Docker GPU PyTorch Tutorial 2024 - Complete Setup Guide

Learn how to create a Dockerfile that enables PyTorch with NVIDIA GPU support for deep learning workloads

Quick Navigation

Difficulty: 🟡 Intermediate
Estimated Time: 15-20 minutes
Prerequisites: Docker installed, NVIDIA Docker toolkit, Basic Docker knowledge, NVIDIA GPU with drivers

What You'll Learn

This tutorial covers essential GPU-enabled Docker concepts and tools:

  • NVIDIA Docker Setup - Installing and configuring NVIDIA Docker toolkit
  • GPU-Enabled Dockerfile - Creating containers with CUDA support
  • PyTorch Integration - Installing and configuring PyTorch for GPU workloads
  • Testing and Validation - Verifying GPU access and performance
  • Best Practices - Production-ready GPU container strategies

Prerequisites

  • Docker installed and running
  • NVIDIA Docker toolkit
  • Basic Docker knowledge
  • NVIDIA GPU with drivers

Introduction

Docker is an excellent tool when you want to leverage GPU capabilities for deep learning workloads. Using a GPU-enabled Docker container becomes essential for running PyTorch efficiently. In this article, we'll walk you through how to create a Dockerfile that enables PyTorch with NVIDIA GPU support.

Prerequisites

Before we dive into creating the Dockerfile, make sure you have the following software installed:

  • Docker
  • NVIDIA Docker toolkit

You can install the NVIDIA Docker toolkit with the following command:

sudo apt-get install -y nvidia-docker2

The NVIDIA Docker toolkit will allow Docker to access your GPU, which is critical for running deep learning frameworks like PyTorch.

Writing the Dockerfile

Below is a Dockerfile that starts with the NVIDIA CUDA base image and installs all necessary dependencies for PyTorch.

Full Dockerfile

Here is the complete Dockerfile:

FROM nvidia/cuda:12.6.0-cudnn-devel-ubuntu20.04

# Set environment variables
ENV DEBIAN_FRONTEND=noninteractive

# Install system dependencies
RUN apt-get update && \
    apt-get install -y \
        git \
        python3-pip \
        python3-dev \
        python3-opencv \
        libglib2.0-0

# Install any python packages you need
COPY requirements.txt requirements.txt

RUN python3 -m pip install -r requirements.txt

# Upgrade pip
RUN python3 -m pip install --upgrade pip

# Install PyTorch and torchvision
RUN pip3 install torch torchvision torchaudio -f https://download.pytorch.org/whl/cu111/torch_stable.html

# Set the working directory
WORKDIR /app

# Set the entrypoint
ENTRYPOINT [ "python3" ]

Step-by-Step Dockerfile Explanation

Base Image

We'll start with an NVIDIA CUDA image.
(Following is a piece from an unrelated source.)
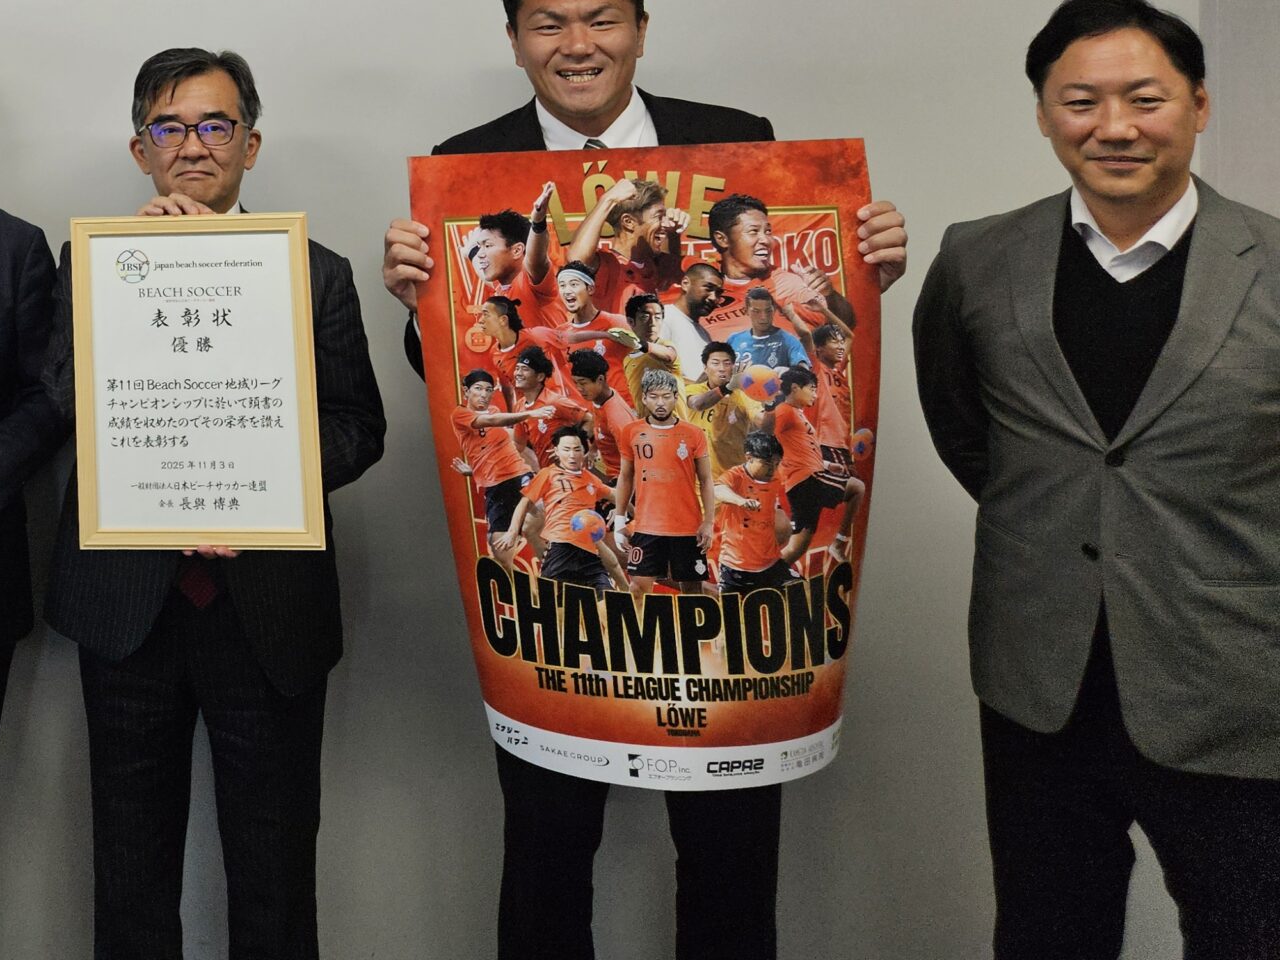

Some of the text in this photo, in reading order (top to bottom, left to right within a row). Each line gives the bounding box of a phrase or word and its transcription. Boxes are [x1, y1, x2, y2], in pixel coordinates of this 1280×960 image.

This image includes CUDA and cuDNN, which are necessary to utilize NVIDIA GPUs.

FROM nvidia/cuda:12.6.0-cudnn-devel-ubuntu20.04

Set Environment Variables

Setting DEBIAN_FRONTEND to noninteractive will prevent interactive prompts during installation, making the Docker build process smoother.

ENV DEBIAN_FRONTEND=noninteractive

Install System Dependencies

Next, we need to install essential tools and Python dependencies:

RUN apt-get update && \
    apt-get install -y \
        git \
        python3-pip \
        python3-dev \
        python3-opencv \
        libglib2.0-0

Install Python Packages

We will use a requirements.txt file to install any necessary Python libraries for the project. Make sure you have this file in your project directory.

COPY requirements.txt requirements.txt
RUN python3 -m pip install -r requirements.txt

Upgrade Pip

It's a good idea to ensure that pip is up-to-date.

RUN python3 -m pip install --upgrade pip

Install PyTorch and Torchvision

Since we're using a CUDA-enabled base image, we'll install the corresponding version of PyTorch. The -f option specifies the link to find compatible wheels.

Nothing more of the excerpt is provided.